(Saved data entries)

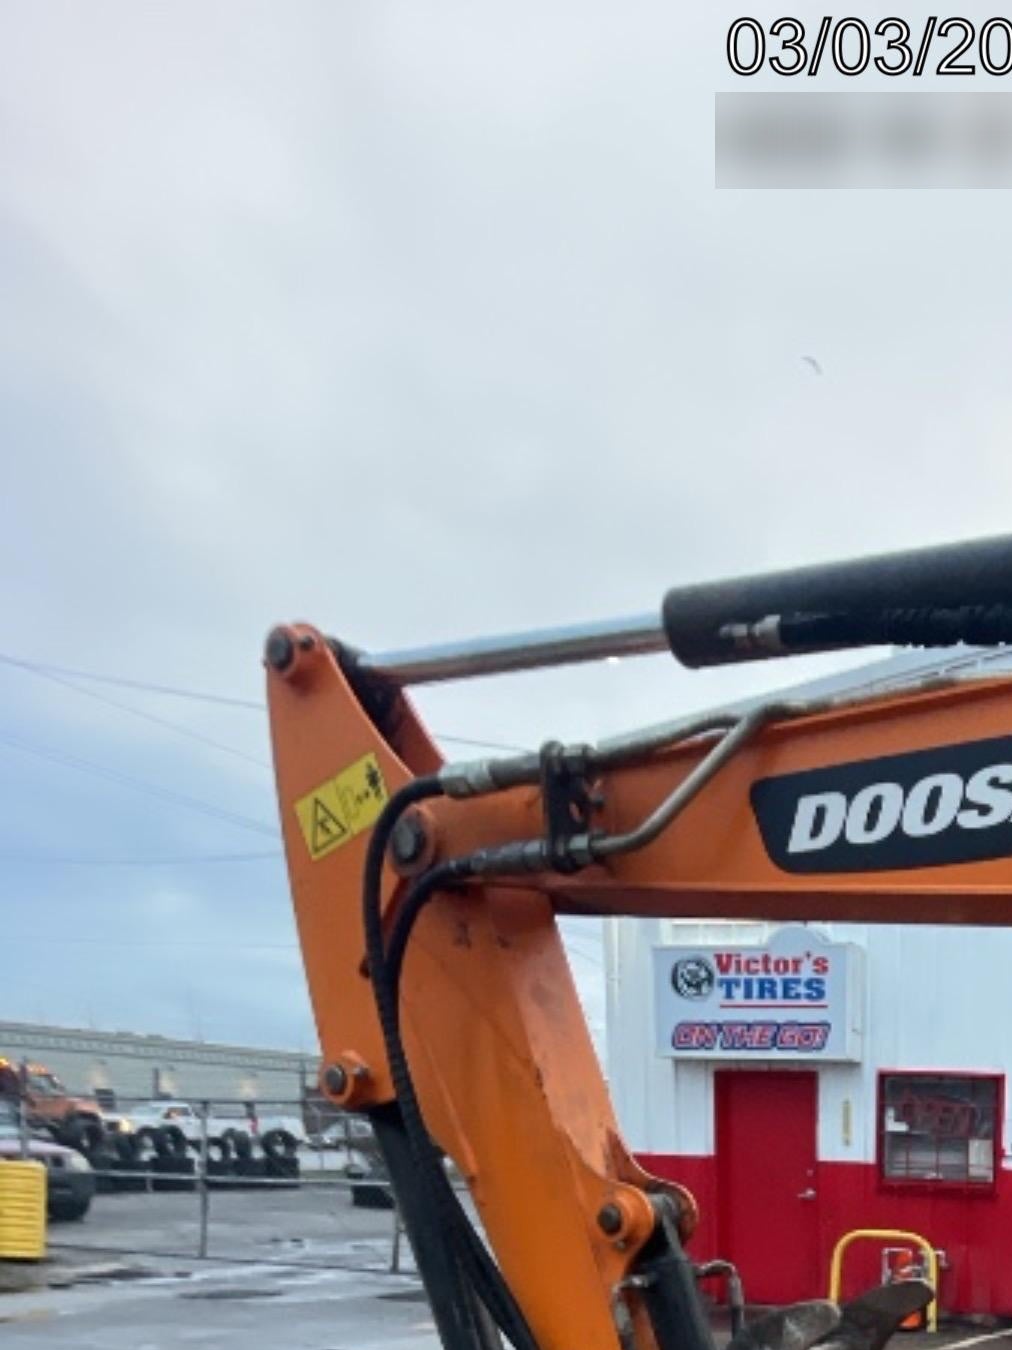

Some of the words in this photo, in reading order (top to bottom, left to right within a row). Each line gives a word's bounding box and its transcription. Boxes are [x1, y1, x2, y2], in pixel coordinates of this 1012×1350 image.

[714, 953, 829, 975] Victor's
[718, 978, 826, 1000] TIRES
[674, 1021, 721, 1050] ON
[721, 1021, 777, 1050] THE
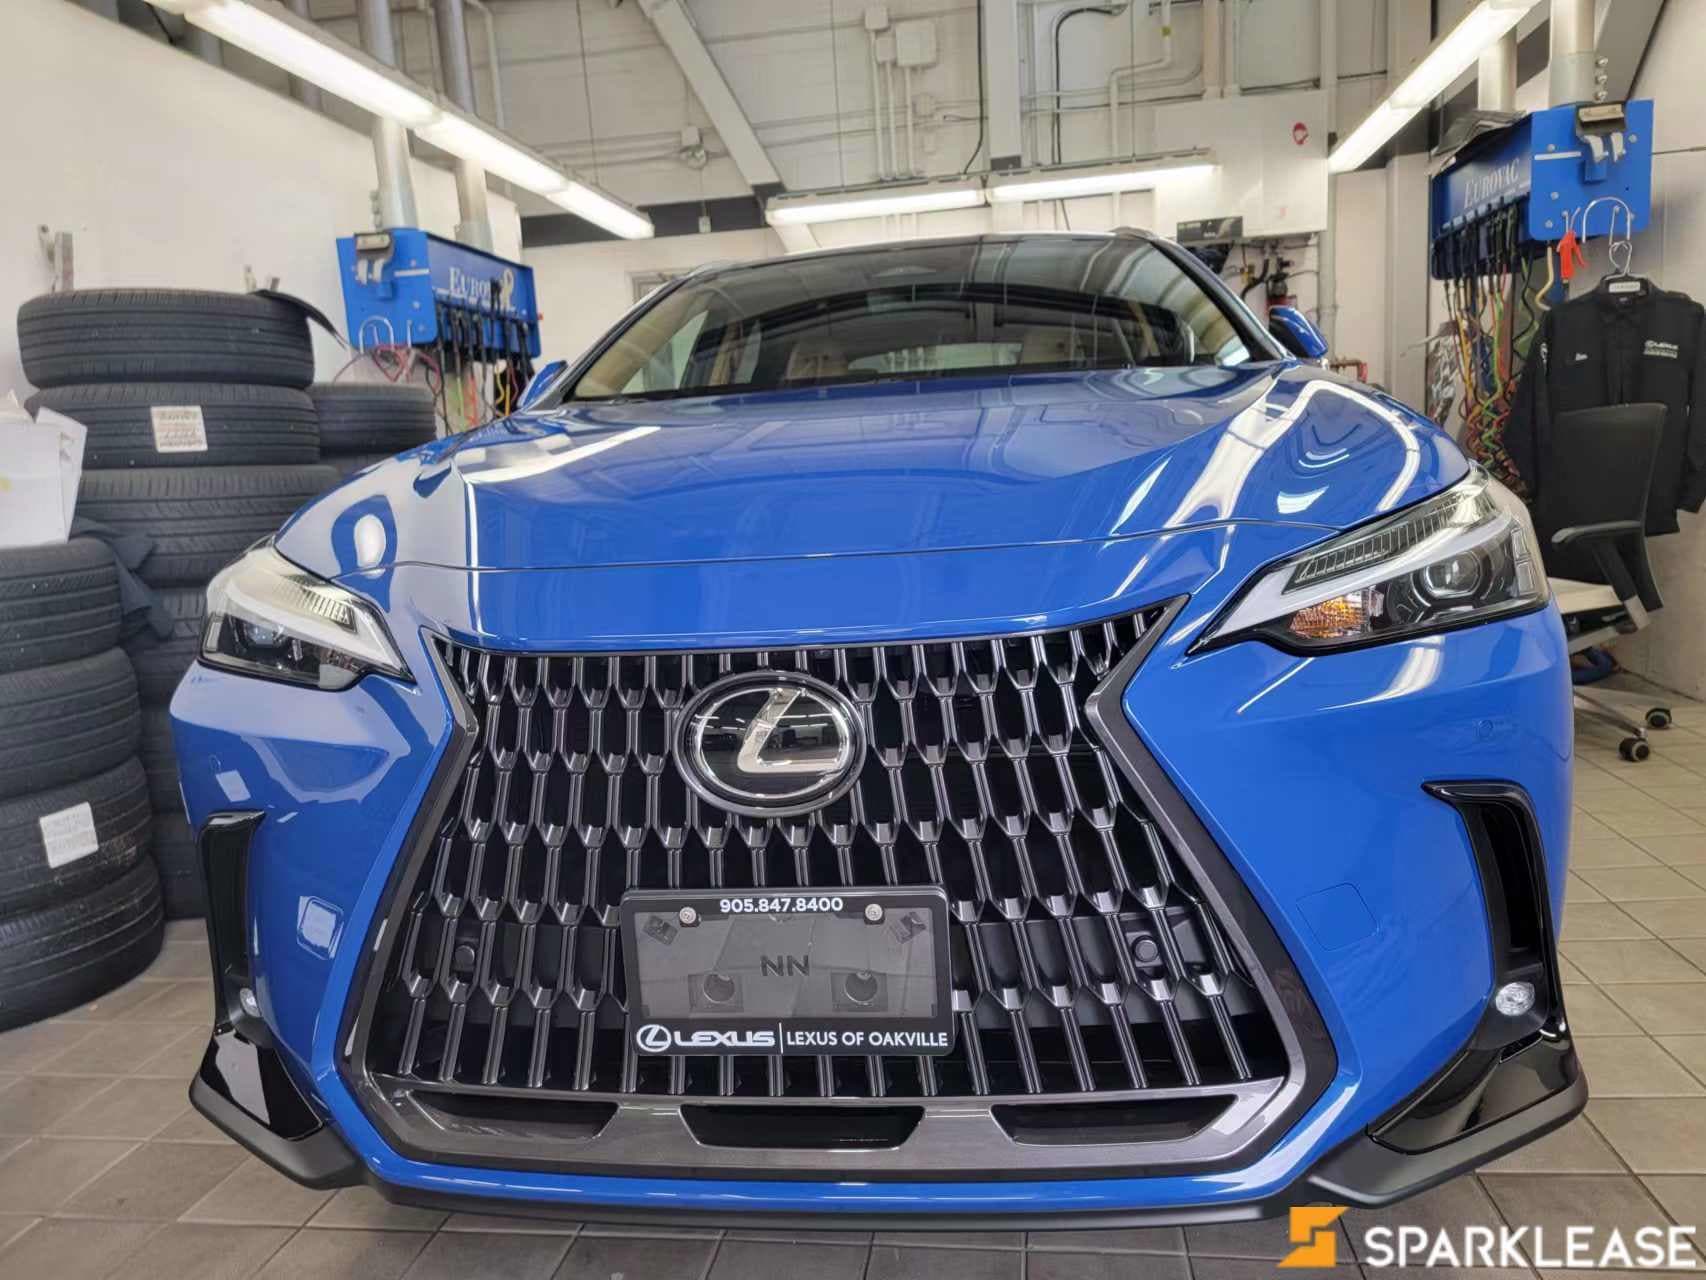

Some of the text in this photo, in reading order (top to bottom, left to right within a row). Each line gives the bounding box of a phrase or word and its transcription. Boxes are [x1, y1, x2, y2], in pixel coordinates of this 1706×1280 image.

[1464, 158, 1520, 210] EUROVAC
[720, 898, 844, 913] 905.847.8400
[674, 1031, 775, 1047] LEXUS
[786, 1031, 948, 1047] LEXUS OF OAKVILLE
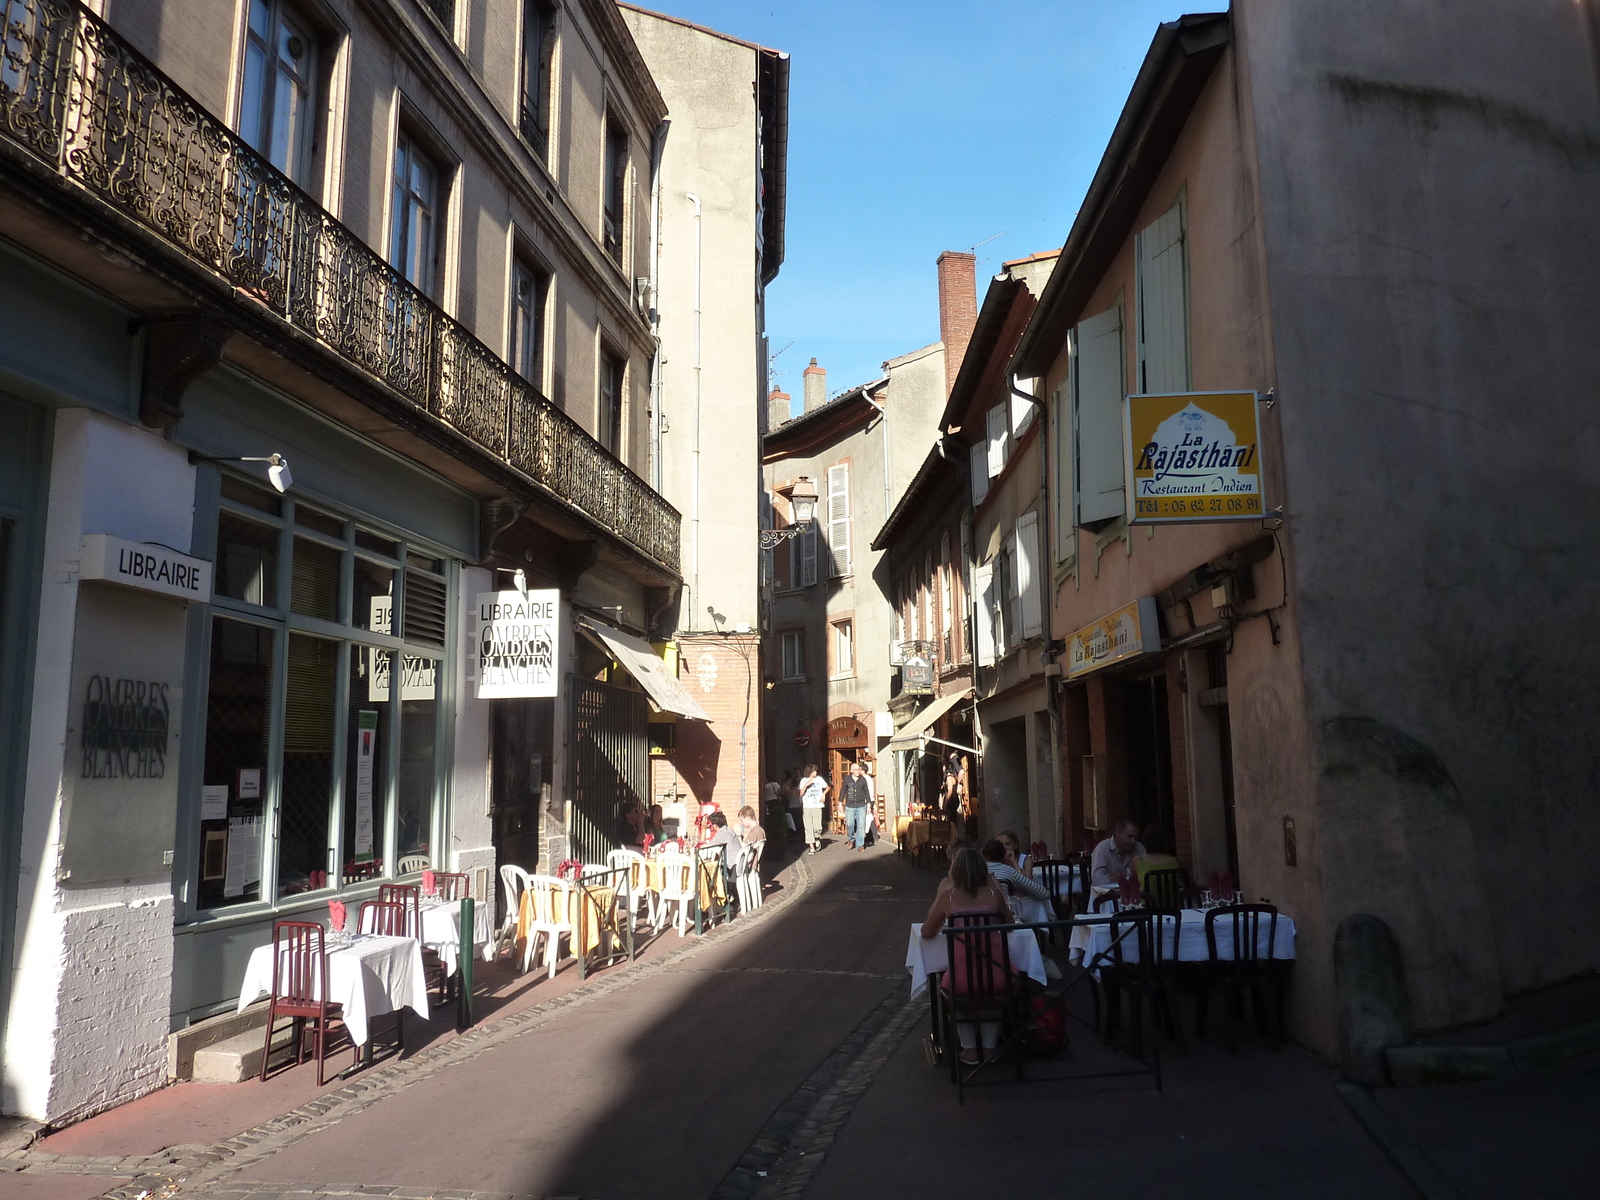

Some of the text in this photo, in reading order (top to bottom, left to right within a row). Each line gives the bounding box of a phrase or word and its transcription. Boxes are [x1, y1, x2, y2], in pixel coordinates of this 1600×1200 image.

[1180, 432, 1203, 447] La
[1142, 476, 1253, 495] Restaurant Indien
[1136, 500, 1159, 513] Tél
[1171, 500, 1186, 513] 05
[1190, 500, 1205, 512] 62
[1209, 499, 1222, 512] 27
[1227, 499, 1242, 511] 08
[1246, 498, 1260, 511] 91
[119, 548, 200, 591] LIBRAIRIE
[480, 602, 553, 621] LIBRAIRIE
[480, 623, 553, 657] OMBRES
[1075, 650, 1083, 663] La
[479, 655, 553, 685] BLANCHES
[84, 674, 170, 734] OMBRES
[80, 729, 167, 779] BLANCHES
[243, 815, 251, 825] LE

Your assignment
Without the pictures, give back the entries exactly.

Problem solution
Some of the words in this photo, in reading order (top to bottom, left to right within a row). Each line gives a word's bounding box and its transcription. Boxes are [x1, y1, x2, y2], in pixel coordinates of this 1012×1350 image.

[714, 953, 829, 975] Victor's
[718, 978, 826, 1000] TIRES
[674, 1021, 721, 1050] ON
[721, 1021, 777, 1050] THE

Some of the text in this photo, in reading order (top to bottom, left to right within a row). Each line gives the bounding box of a phrase or word and its transcription. Boxes are [x1, y1, x2, y2], in pixel coordinates of this 1706×1280 image.

[1464, 158, 1520, 210] EUROVAC
[720, 898, 844, 913] 905.847.8400
[674, 1031, 775, 1047] LEXUS
[786, 1031, 948, 1047] LEXUS OF OAKVILLE

Some of the text in this photo, in reading order (top to bottom, left to right within a row). Each line gives the bounding box of a phrase or word and its transcription. Boxes are [x1, y1, x2, y2], in pixel coordinates of this 1600×1200 image.

[1180, 432, 1203, 447] La
[1142, 476, 1253, 495] Restaurant Indien
[1136, 500, 1159, 513] Tél
[1171, 500, 1186, 513] 05
[1190, 500, 1205, 512] 62
[1209, 499, 1222, 512] 27
[1227, 499, 1242, 511] 08
[1246, 498, 1260, 511] 91
[119, 548, 200, 591] LIBRAIRIE
[480, 602, 553, 621] LIBRAIRIE
[480, 623, 553, 657] OMBRES
[1075, 650, 1083, 663] La
[479, 655, 553, 685] BLANCHES
[84, 674, 170, 734] OMBRES
[80, 729, 167, 779] BLANCHES
[243, 815, 251, 825] LE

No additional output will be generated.